Date Joined Nov 2005
Total Posts : 4
   Posted 12/8/2005 4:53 PM (GMT -7)   
Well, at least someone out there is willing to be totally honest. The doctors sure give you the run-around. I'm going back to the doctor next week, the allergist one day and the endocrinologist the next day. I intend to get some questions answered. First of all I find it hard to believe the endocrinologist has never heard ot chronic uticaria being connected to thyroiditis. There are just too many instances on this website alone that says otherwise. Its sad to think that the allergist is more knowledgeable about thyroiditis than the encocrinologist. Maybe I will get the allergist to recommed another endocrinologist. I've only seen this one 1 time before.

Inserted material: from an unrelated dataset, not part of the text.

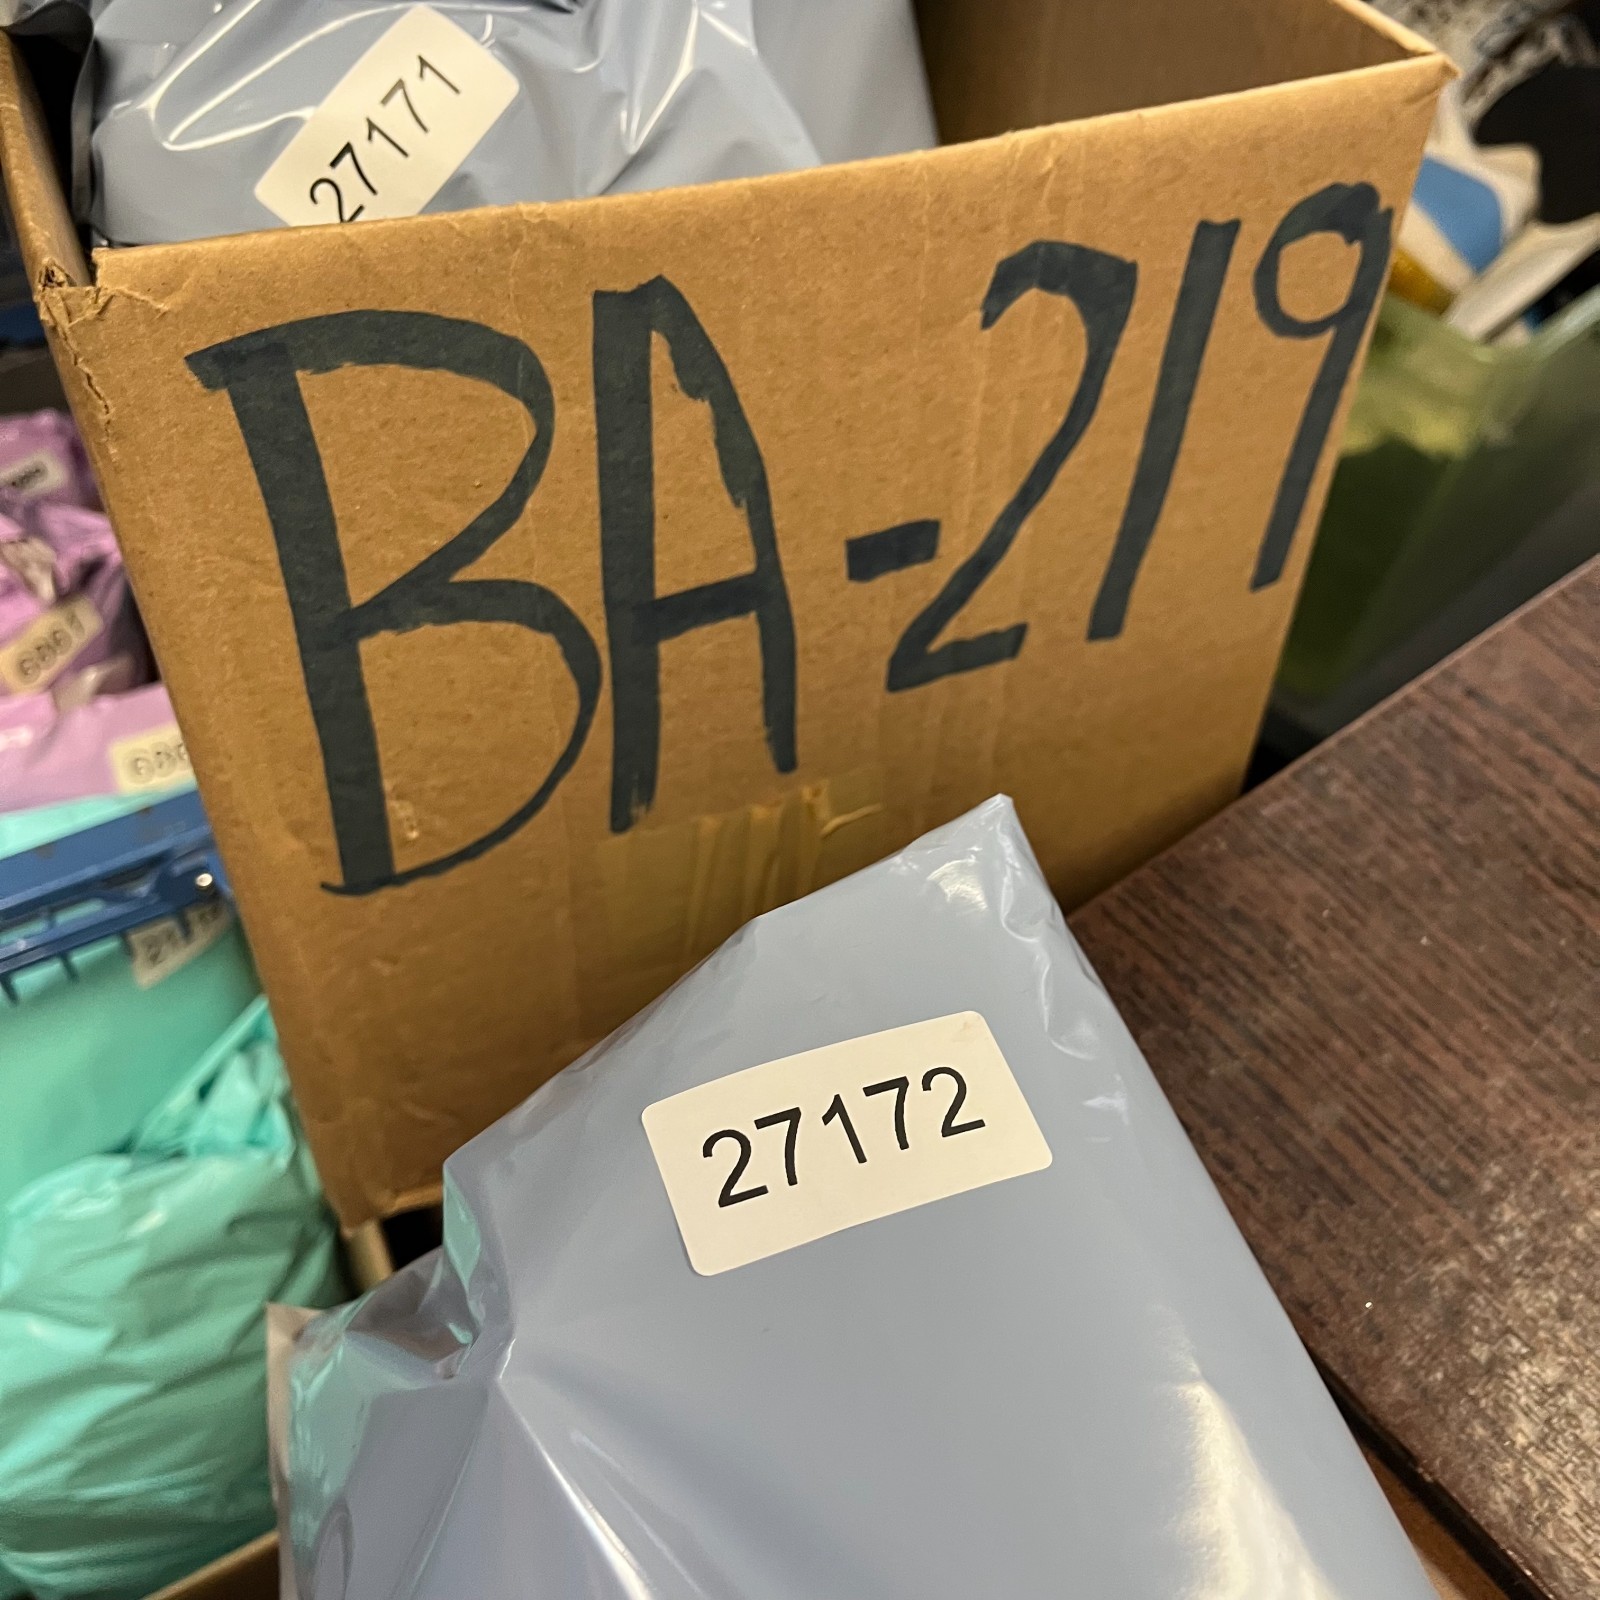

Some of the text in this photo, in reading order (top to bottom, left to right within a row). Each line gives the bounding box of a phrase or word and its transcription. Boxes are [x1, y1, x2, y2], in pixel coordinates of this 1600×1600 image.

[309, 54, 461, 223] 27171
[185, 182, 1393, 897] BA-219
[702, 1066, 986, 1208] 27172

I have noticed that stress, heat, pressure, and even mood can all be triggers to the breaking out in hives. Sometimes, I look at my allergy meds in my hand for a few minutes before swallowing dreading the way they make me feel tired and sleepy all the time. But all in all that isn't as bad as itching all the time. I havent tried any steroids yet, and from your post, I don't think I want to. I'd gladly try anything that worked, if I just knew what that was. I have to go off all the allergy meds Friday in order for the allergist to check me on Wednesday. I don't know if I dread it worse for myself or those who have to deal with me. Ha Ha!!!!!!!!!!! Well, if you have any other info, I'd gladly appreciate it. You know they always said the truth hurts. I appreciate your honesty. Its always better if you know what to expect. Although, if I have to deal with this as long term as you have, I think I'll go crazy. How do you cope?

hunybun
Regular Member


Date Joined Dec 2005
Total Posts : 38
   Posted 12/8/2005 6:43 PM (GMT -7)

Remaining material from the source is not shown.